Dans toutes les directions,
pour exaspérer plus rapidement
la mort,
faisant bouillonner les hommes jusqu’au niveau des toîts,
les Diesels aux mille chevaux des coeurs des capitales
lançaient des wagons de sang infecté.
Vous, les tranquilles !
Vous n’en avez pas profité longtemps.
Tout de suite
le fer des rails a fait couler par sa veine
dans le hâle des campagnes l’épidémie des villes.

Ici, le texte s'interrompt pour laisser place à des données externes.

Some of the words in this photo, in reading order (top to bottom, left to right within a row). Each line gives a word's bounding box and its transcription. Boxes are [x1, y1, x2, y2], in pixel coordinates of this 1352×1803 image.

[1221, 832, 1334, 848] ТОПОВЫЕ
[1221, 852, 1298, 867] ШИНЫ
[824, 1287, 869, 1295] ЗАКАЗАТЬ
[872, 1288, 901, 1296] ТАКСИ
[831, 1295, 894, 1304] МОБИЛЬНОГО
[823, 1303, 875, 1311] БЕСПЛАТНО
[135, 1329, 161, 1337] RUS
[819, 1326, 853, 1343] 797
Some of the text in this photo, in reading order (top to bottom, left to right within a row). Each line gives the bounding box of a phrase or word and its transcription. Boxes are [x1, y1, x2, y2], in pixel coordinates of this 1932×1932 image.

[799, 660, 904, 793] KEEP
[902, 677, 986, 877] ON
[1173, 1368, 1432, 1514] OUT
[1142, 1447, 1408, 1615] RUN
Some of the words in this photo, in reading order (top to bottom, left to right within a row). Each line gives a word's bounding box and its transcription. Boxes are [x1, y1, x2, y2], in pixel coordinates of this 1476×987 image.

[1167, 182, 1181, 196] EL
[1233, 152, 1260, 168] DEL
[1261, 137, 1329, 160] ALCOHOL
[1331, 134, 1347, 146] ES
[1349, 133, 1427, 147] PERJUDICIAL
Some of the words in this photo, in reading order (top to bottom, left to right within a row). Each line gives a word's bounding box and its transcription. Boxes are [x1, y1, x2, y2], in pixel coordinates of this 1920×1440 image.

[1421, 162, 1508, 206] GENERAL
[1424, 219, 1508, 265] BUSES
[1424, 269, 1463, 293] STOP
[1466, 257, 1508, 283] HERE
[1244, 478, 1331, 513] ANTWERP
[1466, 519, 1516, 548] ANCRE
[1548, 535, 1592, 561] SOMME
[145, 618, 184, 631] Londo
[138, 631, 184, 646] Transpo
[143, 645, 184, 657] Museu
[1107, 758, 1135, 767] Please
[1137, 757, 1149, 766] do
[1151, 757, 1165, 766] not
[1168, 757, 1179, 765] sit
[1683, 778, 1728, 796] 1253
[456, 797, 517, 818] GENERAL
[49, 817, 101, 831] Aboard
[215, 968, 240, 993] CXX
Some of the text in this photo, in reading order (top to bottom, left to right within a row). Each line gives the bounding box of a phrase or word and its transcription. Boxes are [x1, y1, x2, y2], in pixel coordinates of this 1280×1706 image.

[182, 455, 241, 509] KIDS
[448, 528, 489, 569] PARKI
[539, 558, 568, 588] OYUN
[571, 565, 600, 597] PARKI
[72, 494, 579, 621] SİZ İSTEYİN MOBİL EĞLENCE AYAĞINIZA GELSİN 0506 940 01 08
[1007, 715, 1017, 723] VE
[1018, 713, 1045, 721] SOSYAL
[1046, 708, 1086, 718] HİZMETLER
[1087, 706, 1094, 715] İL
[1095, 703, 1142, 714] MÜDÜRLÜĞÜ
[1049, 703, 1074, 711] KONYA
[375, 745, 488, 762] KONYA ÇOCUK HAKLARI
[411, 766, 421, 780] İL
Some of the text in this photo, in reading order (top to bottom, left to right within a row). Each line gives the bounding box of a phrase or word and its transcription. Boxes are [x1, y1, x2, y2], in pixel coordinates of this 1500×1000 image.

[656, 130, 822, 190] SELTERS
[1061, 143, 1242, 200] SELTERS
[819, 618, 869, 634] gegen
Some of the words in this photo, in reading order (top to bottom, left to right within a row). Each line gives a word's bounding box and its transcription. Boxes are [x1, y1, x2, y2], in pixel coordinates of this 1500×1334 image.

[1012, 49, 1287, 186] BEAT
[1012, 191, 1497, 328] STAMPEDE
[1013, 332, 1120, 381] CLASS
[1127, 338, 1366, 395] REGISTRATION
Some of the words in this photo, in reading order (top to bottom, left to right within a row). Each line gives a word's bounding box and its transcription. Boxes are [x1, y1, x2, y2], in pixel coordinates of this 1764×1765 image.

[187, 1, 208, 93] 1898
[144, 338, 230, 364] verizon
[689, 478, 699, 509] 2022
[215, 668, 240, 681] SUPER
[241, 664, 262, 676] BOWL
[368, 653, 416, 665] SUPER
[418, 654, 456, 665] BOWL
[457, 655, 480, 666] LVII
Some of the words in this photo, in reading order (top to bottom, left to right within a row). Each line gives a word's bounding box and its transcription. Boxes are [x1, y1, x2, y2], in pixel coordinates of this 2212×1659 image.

Là où chantaient les oiseaux, c’est maintenant des cliquetis d’assiettes.
Là où se trouvait une forêt profonde, l’endroit est devenu une Sodome aux cent maisons.
Faunes de six étages, les maisons publiques, l’une derrière l’autre,
se sont précipitées dans la danse.
Le soleil lève sa tête rousse
avec des traces d’ivresse collées sur sa bouche gonflée,
tout nu, il n’a pas la force de se retenir
et de ne pas
retourner dans le bouge des nuits.
Et la nuit, négresse vénale,
n’a pas le temps
de se coucher
pour se reposer
dans l’ombre,
que sur elle
un nouveau jour affamé
hisse son gros corps chauffé à blanc.
Écrasée contre les toits,
hurle
poignée d’étoiles !
Écarte-toi avec effroi, soir-ermite !
Allons !
Lançons contre les femelles
le souffle de nos narines,
rongées par les dents de la cocaïne.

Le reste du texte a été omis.